En un lugar muy tranquilo, de pocos -pero extraños- ruidos, donde no muchos eran amigos, se
encontraba un muy estimado y pionero espíritu. Un poco ansioso por su estancia, y tal vez un poco
decepcionado por su espera, deseaba, con quien deba, poder descargar su queja.

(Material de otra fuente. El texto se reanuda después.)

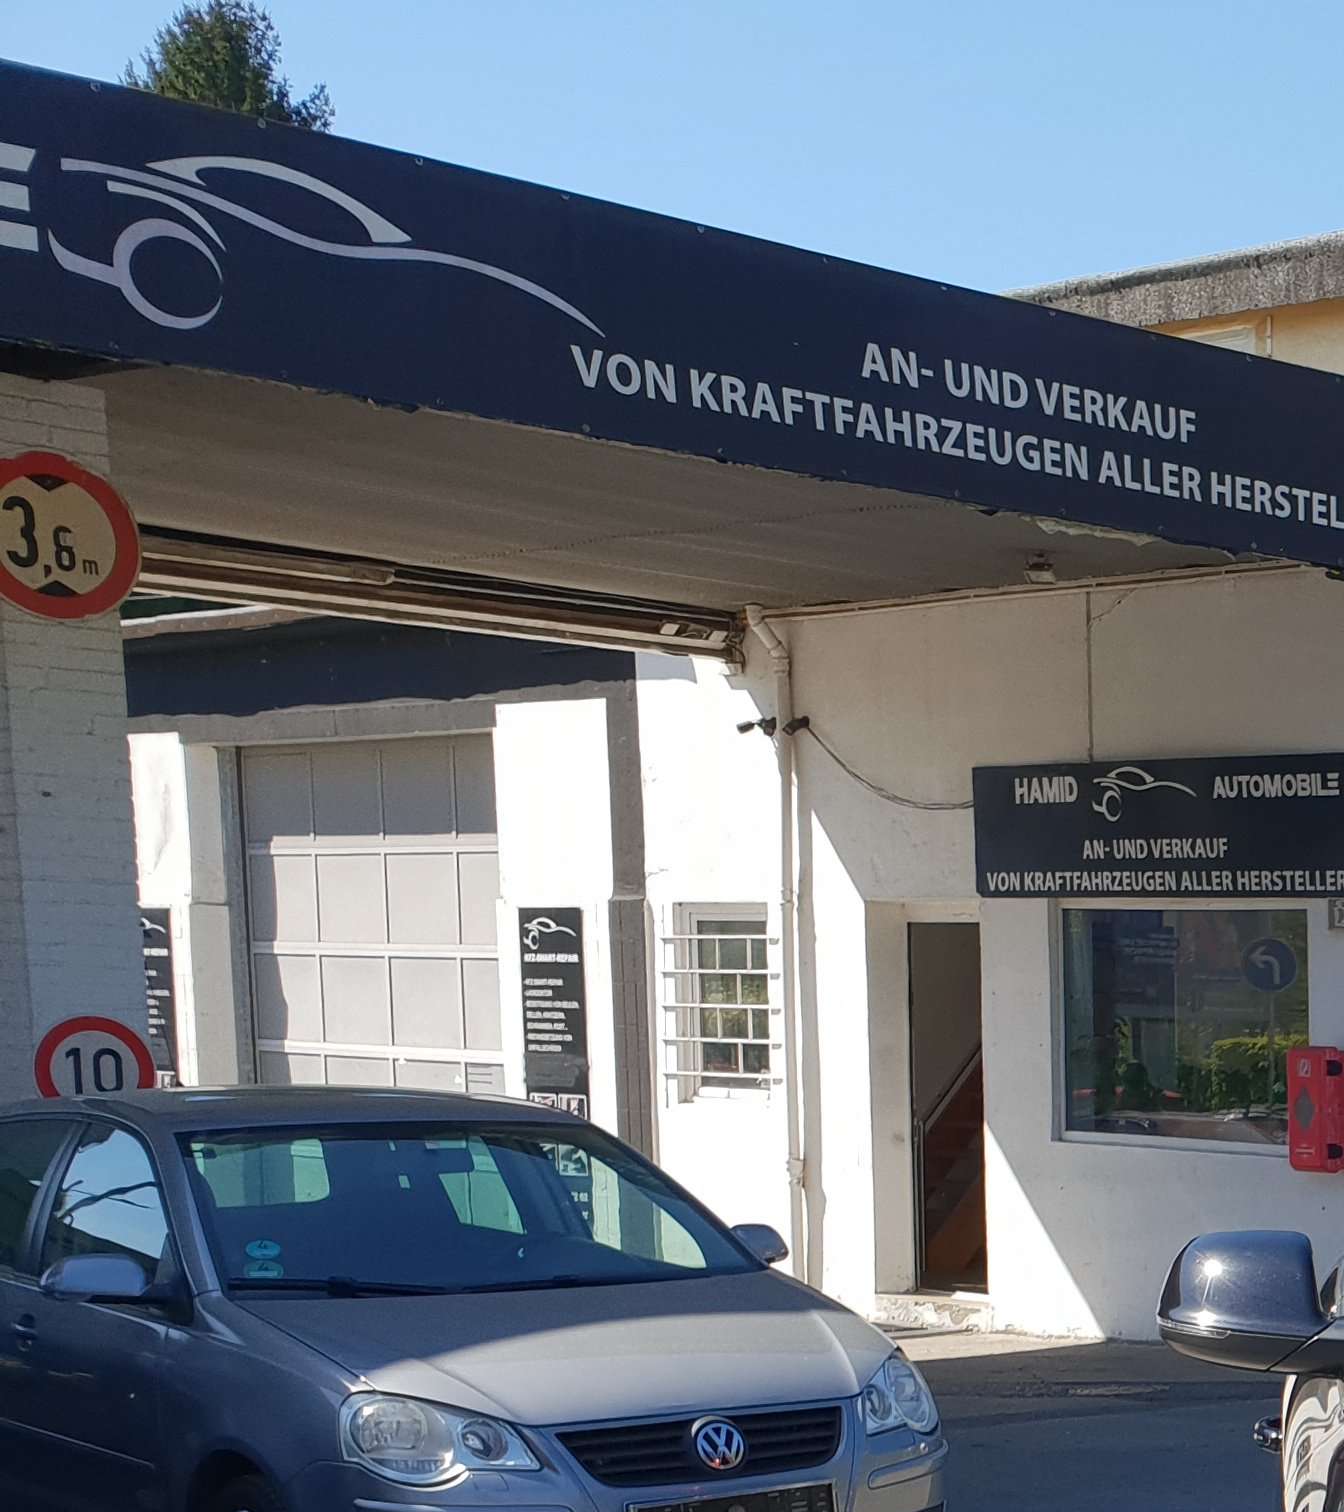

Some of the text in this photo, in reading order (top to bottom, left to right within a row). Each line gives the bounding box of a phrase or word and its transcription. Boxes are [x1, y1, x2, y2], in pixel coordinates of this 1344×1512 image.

[861, 342, 1197, 445] AN- UND VERKAUF
[570, 344, 677, 404] VON
[690, 368, 1090, 483] KRAFTFAHRZEUGEN
[1098, 450, 1202, 504] ALLER
[1014, 772, 1340, 804] HAMID AUTOMOBILE
[1083, 837, 1228, 860] AN- UND VERKAUF
[987, 872, 1020, 892] VON
[1024, 871, 1177, 892] KRAFTFAHRZEUGEN
[1180, 870, 1233, 892] ALLER
[65, 1048, 123, 1095] 10

Consideraba no estar en el lugar correcto, ya que a ninguna tentación otorgó colecho, y por encima
de todo, a “la palabra” siempre seguía recto. En algún momento dubitó: ¿el engranaje se diseñó
para su detrimento? Por alguna razón aquel lapso de aflicción parecía eterno, y cuatro paredes
celestes serían su cielo. Cumpliendo treinta y tantos años dejó de hablar, aunque esperaba el
momento para una conversación casual.
Algunas mañanas aparecía, en su libertad de movimiento, más cerca de la puerta, aquella que
“salida” expresa. Y un día se sitúo frente a ella, y ante inminente escape comenzó a exclamar: ¡que
bajo has caído!, ¡castigas a tu hijo!, ¡tu único y querido!, ¿acaso para pagar los pecados de otros
me has traído?
Entonces, manos blancas y suaves sobre aquellos hombros se situaron para devolver a aquel rey
a su reino, al cual no se le dejaba abdicar, y del cual encierro no se debía liberar.